Firefox is powered by the Gecko layout engine and the Spidermonkey JS engine. Both are primarily developed for Firefox, but are separate and independently reusable pieces of code. Like all widely used layout and JS engines, both are written in C++. Spidermonkey implements the JS virtual machine including garbage collection and multiple flavors of just-in-time compilation (JIT). Gecko implements most APIs visible to a web page including the DOM, graphical rendering via software or hardware pipelines, page and text layout, a full networking stack, and much more. Together they provide the platform that Firefox is built on. The Firefox user interface, including the address bar and navigation buttons, is just a series of special web pages that run with enhanced privileges. These privileges allow them access to all sorts of features that normal web pages cannot see. We call these special, built-in, privileged pages chrome (no relation to Google Chrome) as opposed to content, or normal web pages.
For our purposes, the most interesting details about Spidermonkey and Gecko are how they manage memory. We can categorize memory in the browser based on two characteristics: how it is allocated and how it is freed. Dynamically allocated memory (the heap) is obtained in large chunks from the operating system and divided into requested quantities by the heap allocator. There are two main heap allocators: the specialized garbage-collected heap allocator used for the garbage-collected memory (the GC heap) in Spidermonkey, and jemalloc, which is used by everything else in Spidermonkey and Gecko. There are also three methods of freeing memory: manually, via reference counting, and via garbage collection.
The GC heap in Spidermonkey contains objects, functions, and most of the other things created by running JS. We also store implementation details whose lifetimes are linked to these objects in the GC heap. This heap uses a fairly standard incremental mark-and-sweep collector that has been heavily optimized for performance and responsiveness. This means that every now and then the garbage collector wakes up and looks at all the memory in the GC heap.
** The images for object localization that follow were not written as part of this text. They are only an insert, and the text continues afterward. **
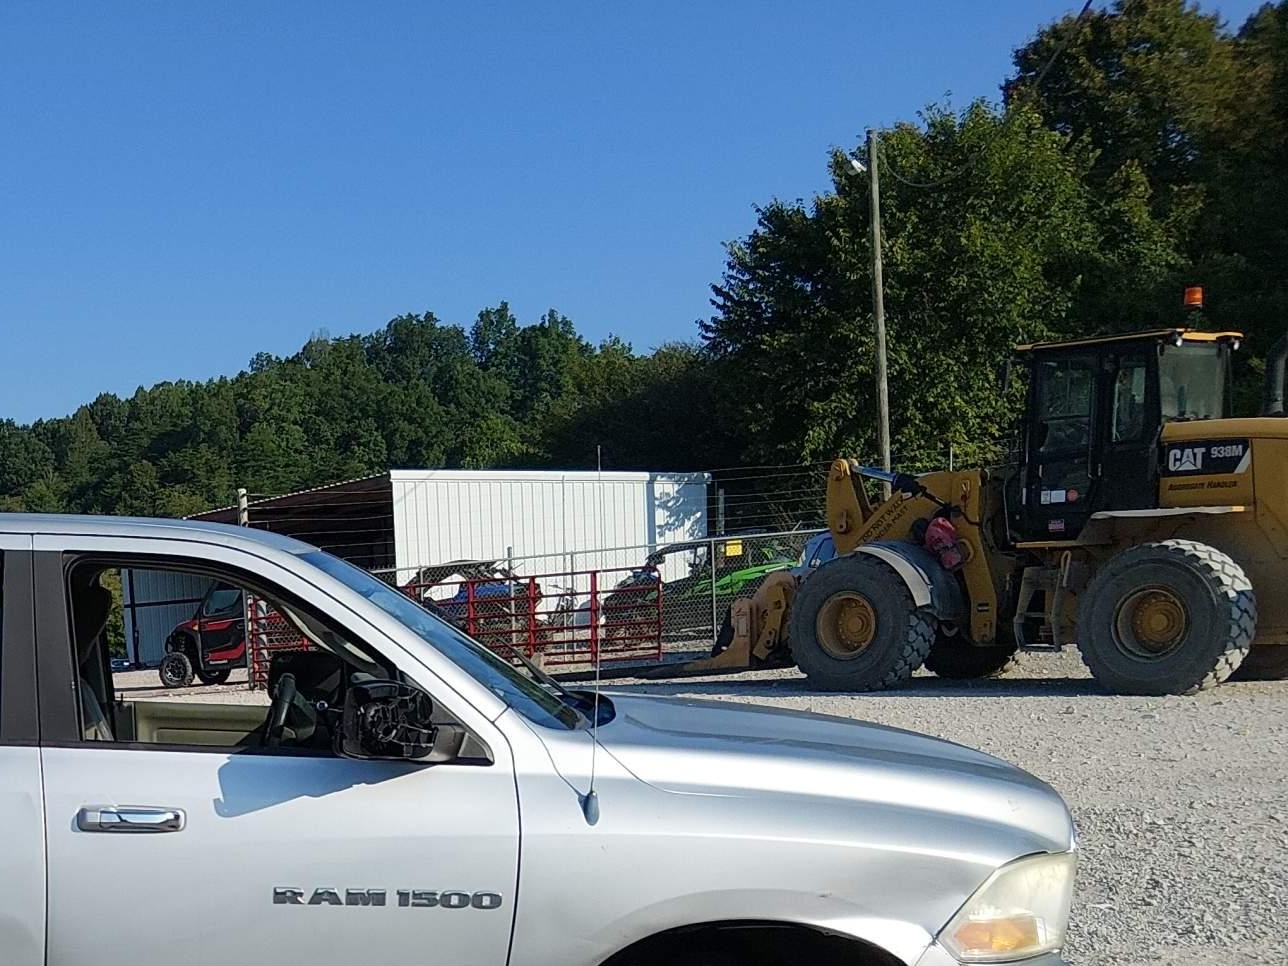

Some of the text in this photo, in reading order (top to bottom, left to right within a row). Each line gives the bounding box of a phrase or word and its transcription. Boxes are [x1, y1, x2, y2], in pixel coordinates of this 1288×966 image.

[1168, 444, 1243, 471] CAT 938M
[273, 887, 502, 910] RAM 1500
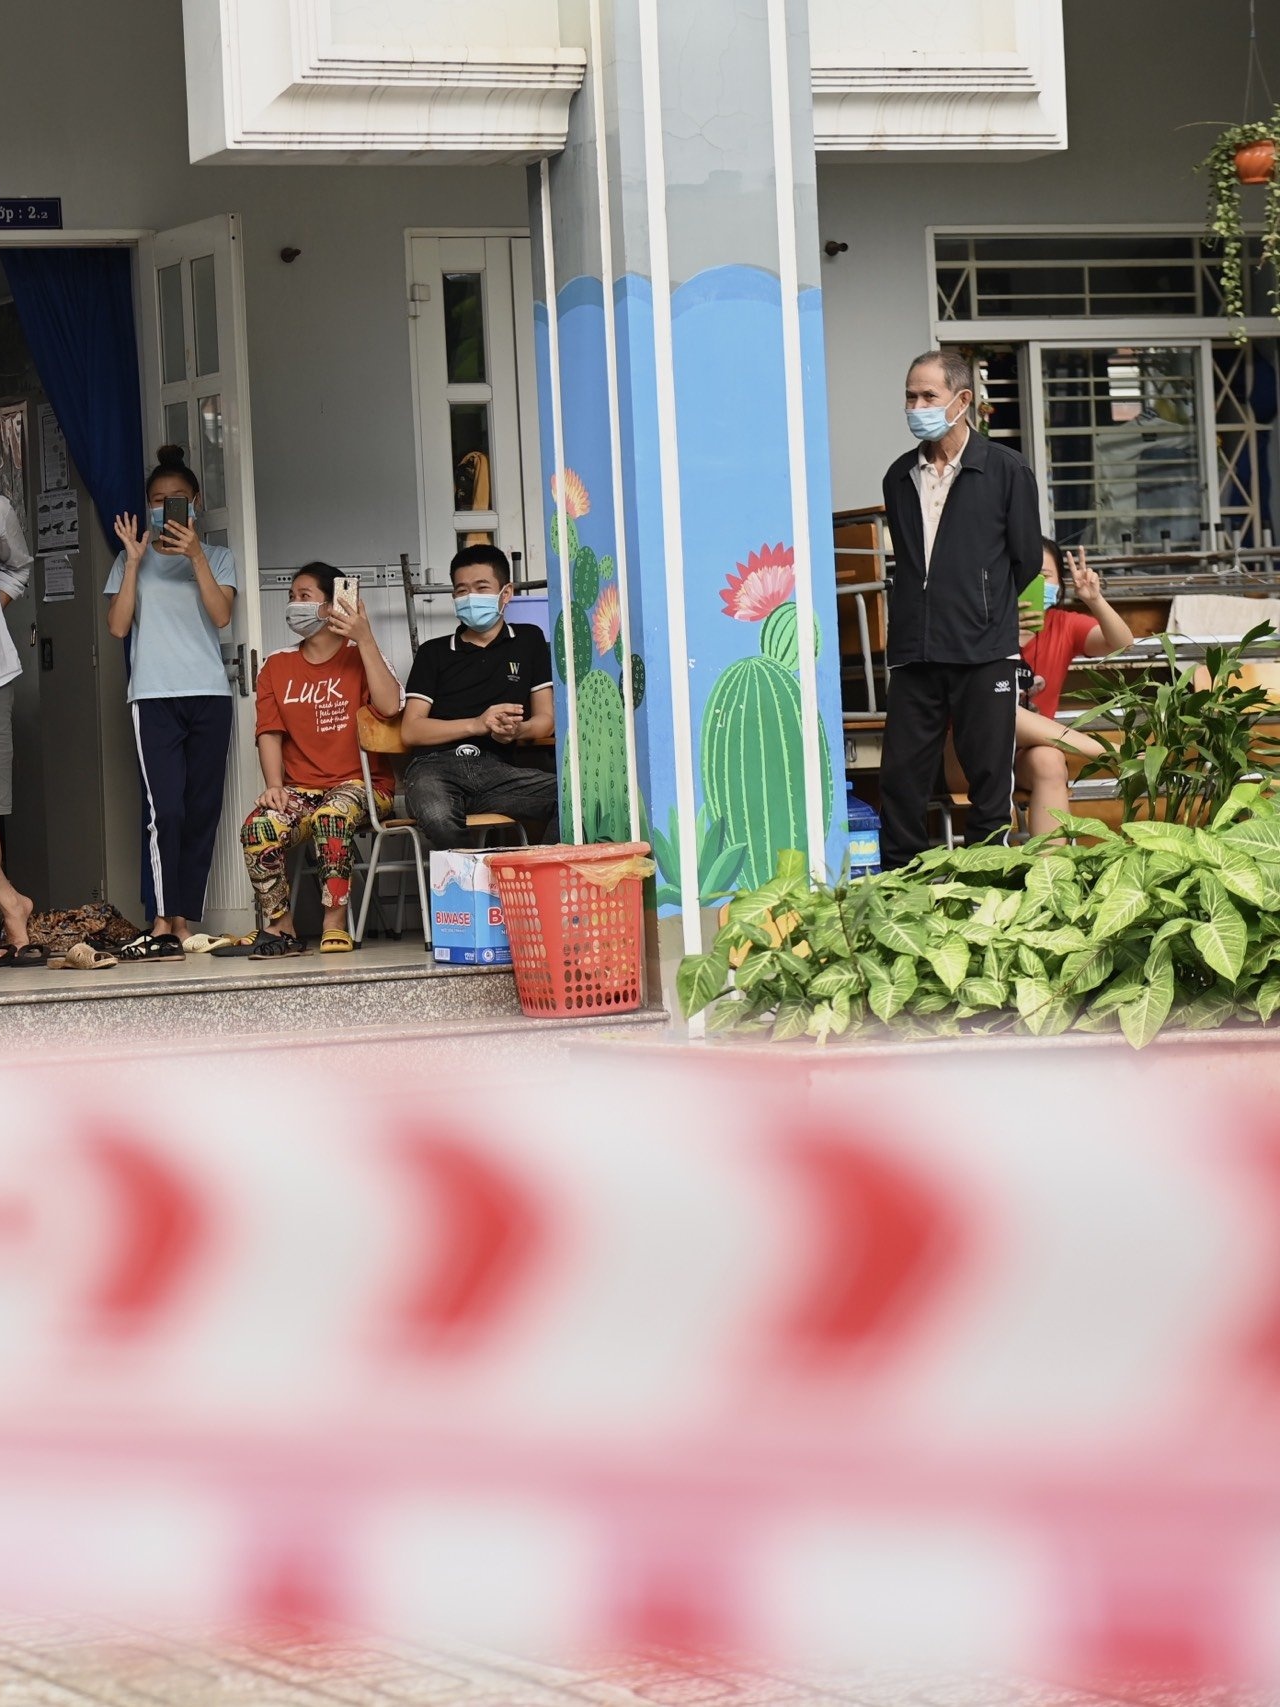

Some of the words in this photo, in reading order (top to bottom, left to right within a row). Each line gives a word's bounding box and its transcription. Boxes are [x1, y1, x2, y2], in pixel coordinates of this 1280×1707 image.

[28, 205, 49, 219] 2.2
[283, 678, 343, 704] LUCK
[318, 701, 333, 709] need
[334, 700, 349, 708] sleep
[320, 724, 336, 733] want
[336, 723, 348, 732] you
[436, 912, 471, 926] BIWASE
Starting from a set of "roots" (/such as the global object of the page you are viewing) it "marks" all the objects in the heap that are reachable. It then "sweeps" all the objects that are not marked and reuses that memory when needed.
In Gecko most memory is reference counted. With reference counting the number of references to a given piece of memory is tracked. When that number reaches zero the memory is freed. While reference counting is technically a form of garbage collection, for this discussion we distinguish it from garbage collection schemes that require specialized code (i.e., a garbage collector) to periodically reclaim memory. Simple reference counting is unable to deal with cycles, where one piece of memory A references another piece of memory B, and vice versa. In this situation both A and B have reference counts of 1, and are never freed. Gecko has a specialized tracing garbage collector specifically to collect these cycles which we call the cycle collector. The cycle collector manages only certain classes that are known to participate in cycles and opt in to cycle collection, so we can think of the cycle collected heap as a subset of the reference counted heap. The cycle collector also works with the garbage collector in Spidermonkey to handle cross-language memory management so that C++ code can hold references to JS objects and vice versa.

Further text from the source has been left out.